■ Task instructions ■
In the copy, include no pictures. Reproduce the rest of the entries exactly.

■ Records supplied ■

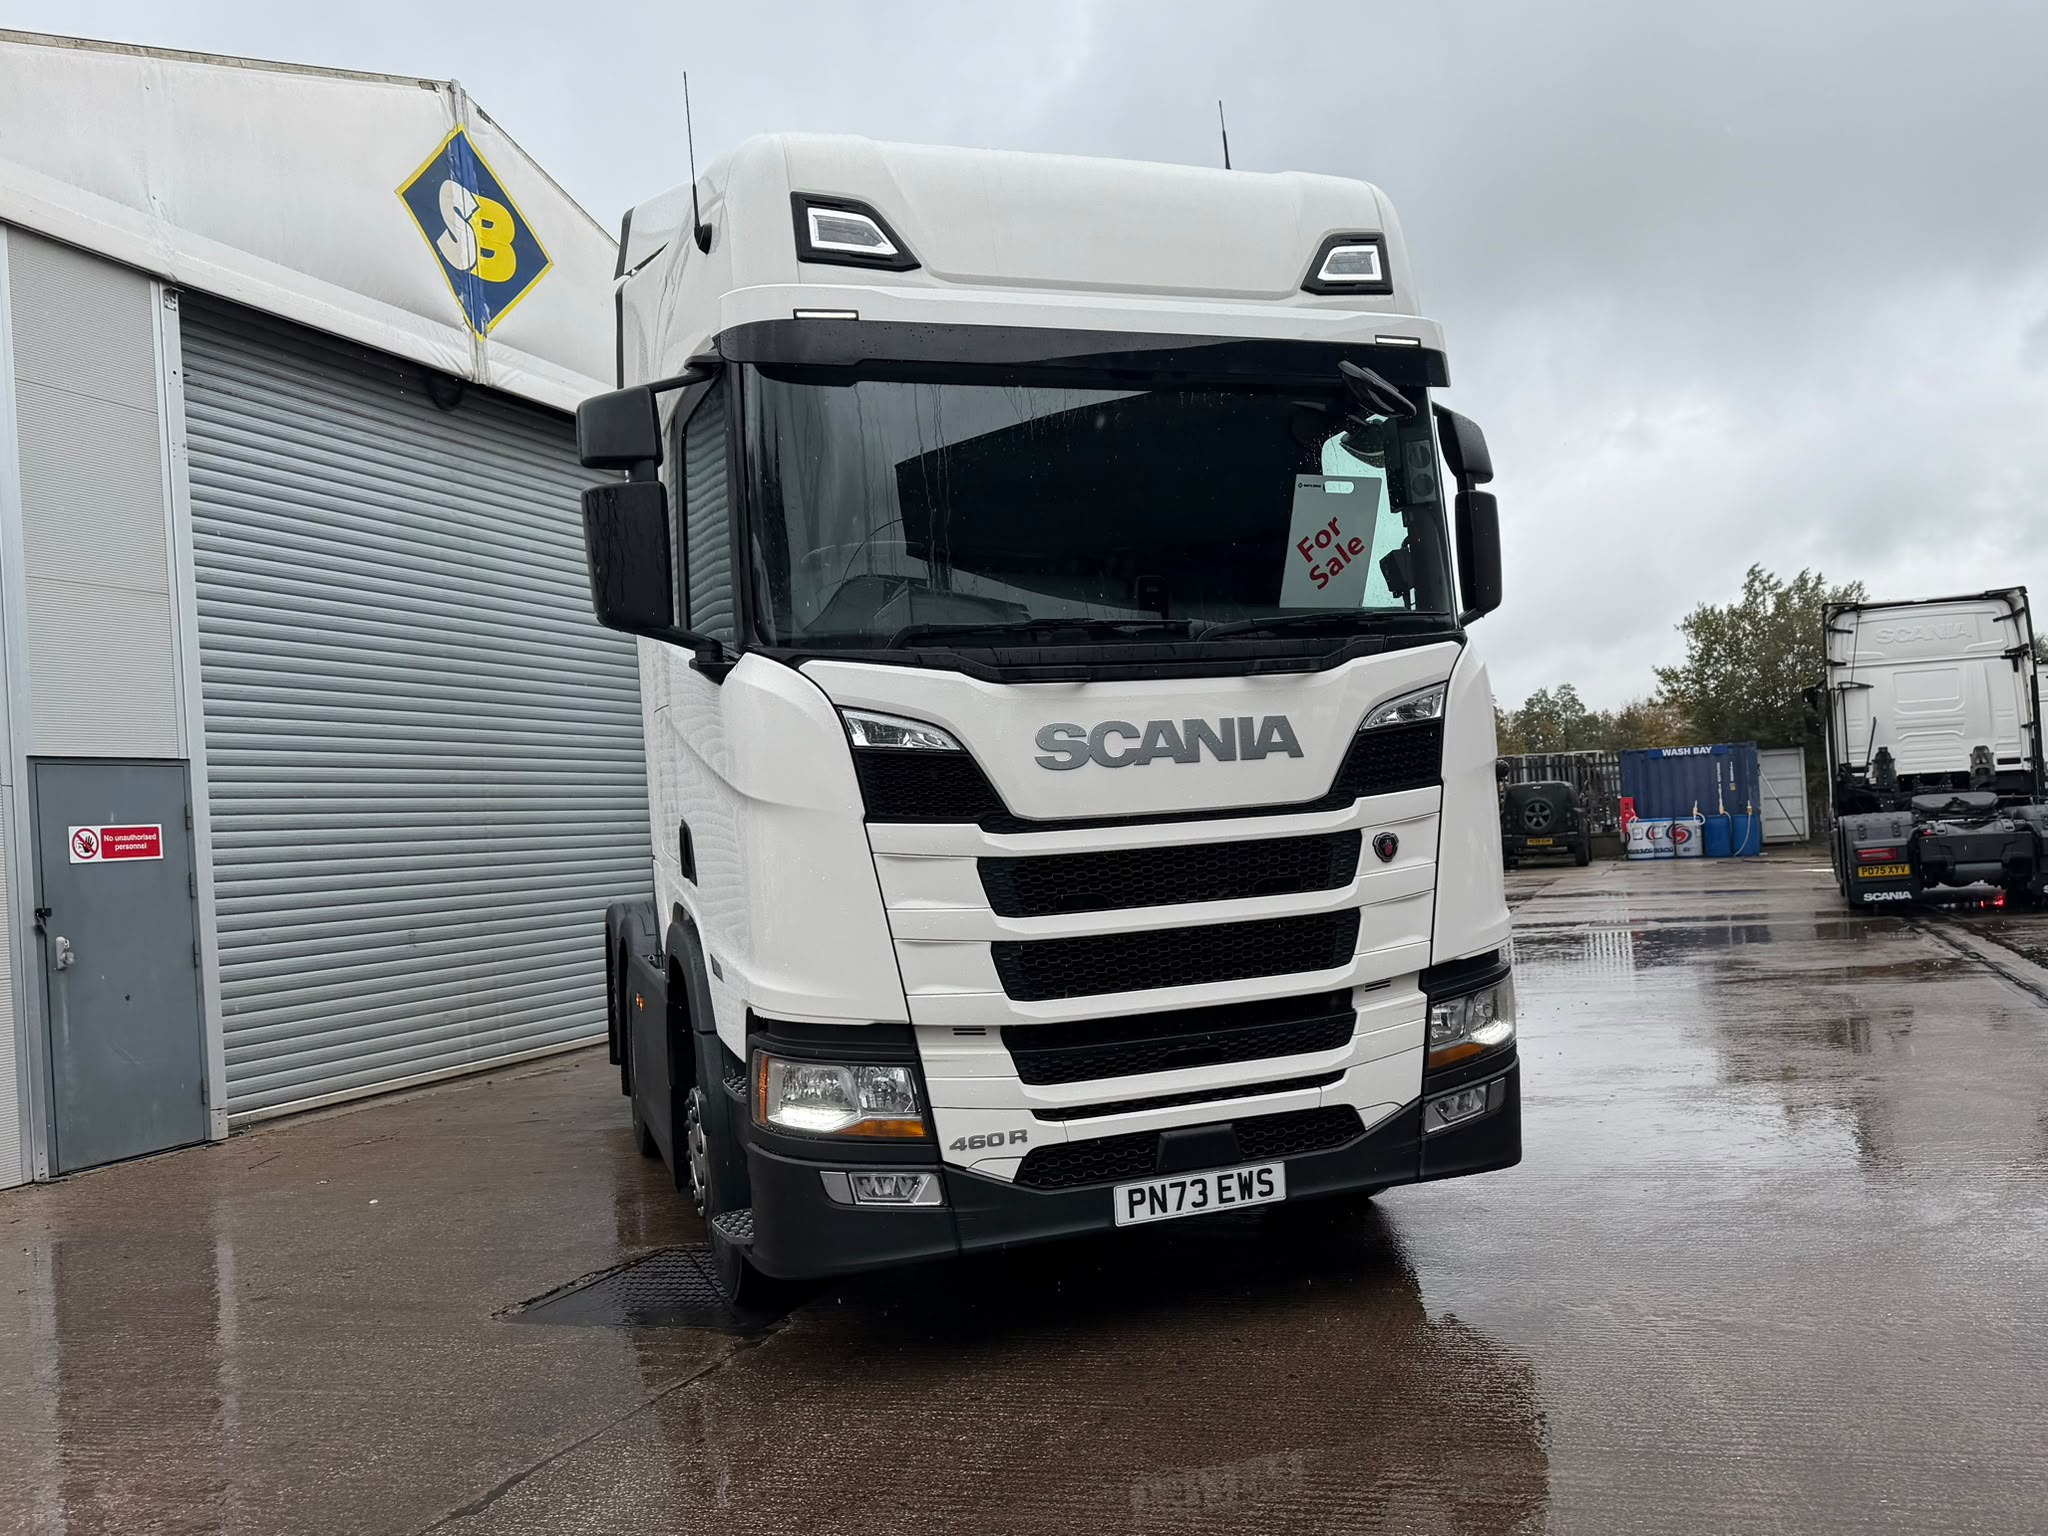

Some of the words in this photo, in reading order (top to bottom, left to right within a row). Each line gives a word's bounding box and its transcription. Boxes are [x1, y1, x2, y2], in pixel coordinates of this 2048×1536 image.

[436, 179, 517, 283] SB
[1297, 516, 1341, 563] For
[1309, 536, 1365, 590] Sale
[1875, 623, 1973, 645] SCANIA
[1034, 715, 1304, 770] SCANIA
[1662, 748, 1690, 756] WASH
[1693, 746, 1712, 754] BAY
[104, 834, 113, 842] No
[114, 833, 157, 842] unauthorised
[114, 842, 147, 852] personnel
[1864, 891, 1912, 902] SCANIA
[949, 1132, 1005, 1151] 460
[1009, 1129, 1028, 1145] R
[1128, 1178, 1208, 1219] PN73
[1217, 1168, 1274, 1203] EWS
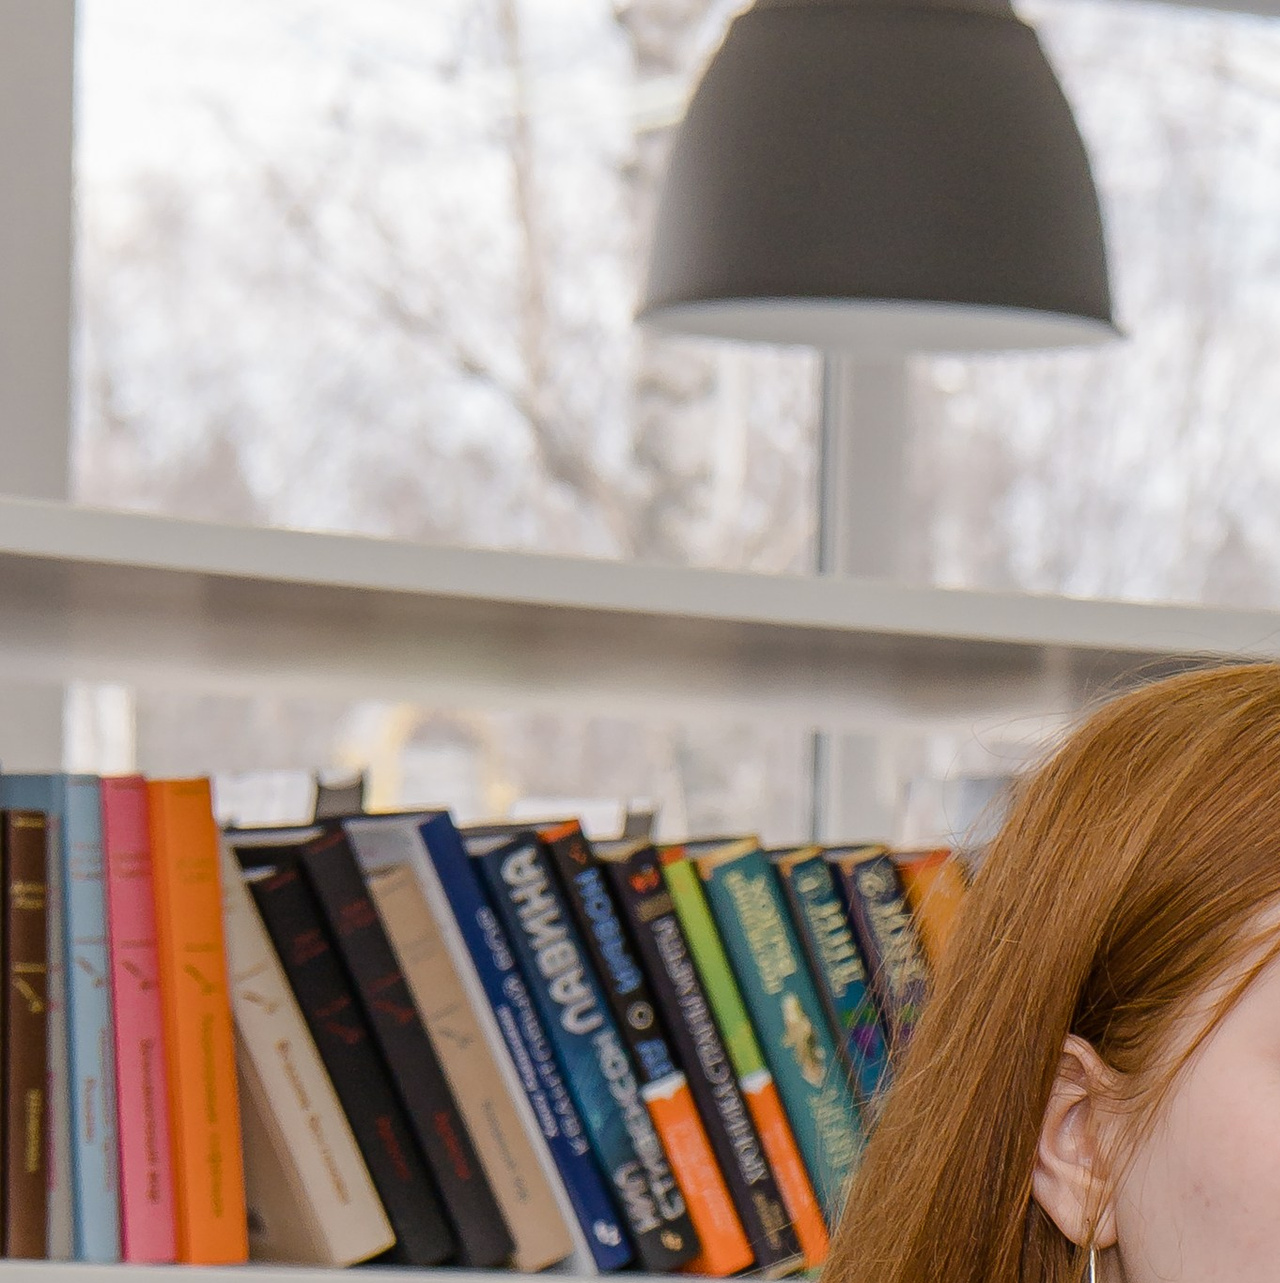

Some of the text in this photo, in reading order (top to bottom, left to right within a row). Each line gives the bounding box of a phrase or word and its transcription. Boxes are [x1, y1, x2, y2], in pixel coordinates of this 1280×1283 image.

[499, 845, 604, 1035] ЛАВИНА
[592, 1029, 685, 1221] СТИВЕНСОН
[614, 1162, 659, 1233] НИЛ

■ Result of this exercise ■
Some of the words in this photo, in reading order (top to bottom, left to right within a row). Each line gives a word's bounding box and its transcription. Boxes are [x1, y1, x2, y2], in pixel coordinates of this 2048×1536 image.

[436, 179, 517, 283] SB
[1297, 516, 1341, 563] For
[1309, 536, 1365, 590] Sale
[1875, 623, 1973, 645] SCANIA
[1034, 715, 1304, 770] SCANIA
[1662, 748, 1690, 756] WASH
[1693, 746, 1712, 754] BAY
[104, 834, 113, 842] No
[114, 833, 157, 842] unauthorised
[114, 842, 147, 852] personnel
[1864, 891, 1912, 902] SCANIA
[949, 1132, 1005, 1151] 460
[1009, 1129, 1028, 1145] R
[1128, 1178, 1208, 1219] PN73
[1217, 1168, 1274, 1203] EWS

Some of the text in this photo, in reading order (top to bottom, left to right within a row). Each line gives the bounding box of a phrase or word and its transcription. Boxes are [x1, y1, x2, y2], in pixel coordinates of this 1280×1283 image.

[499, 845, 604, 1035] ЛАВИНА
[592, 1029, 685, 1221] СТИВЕНСОН
[614, 1162, 659, 1233] НИЛ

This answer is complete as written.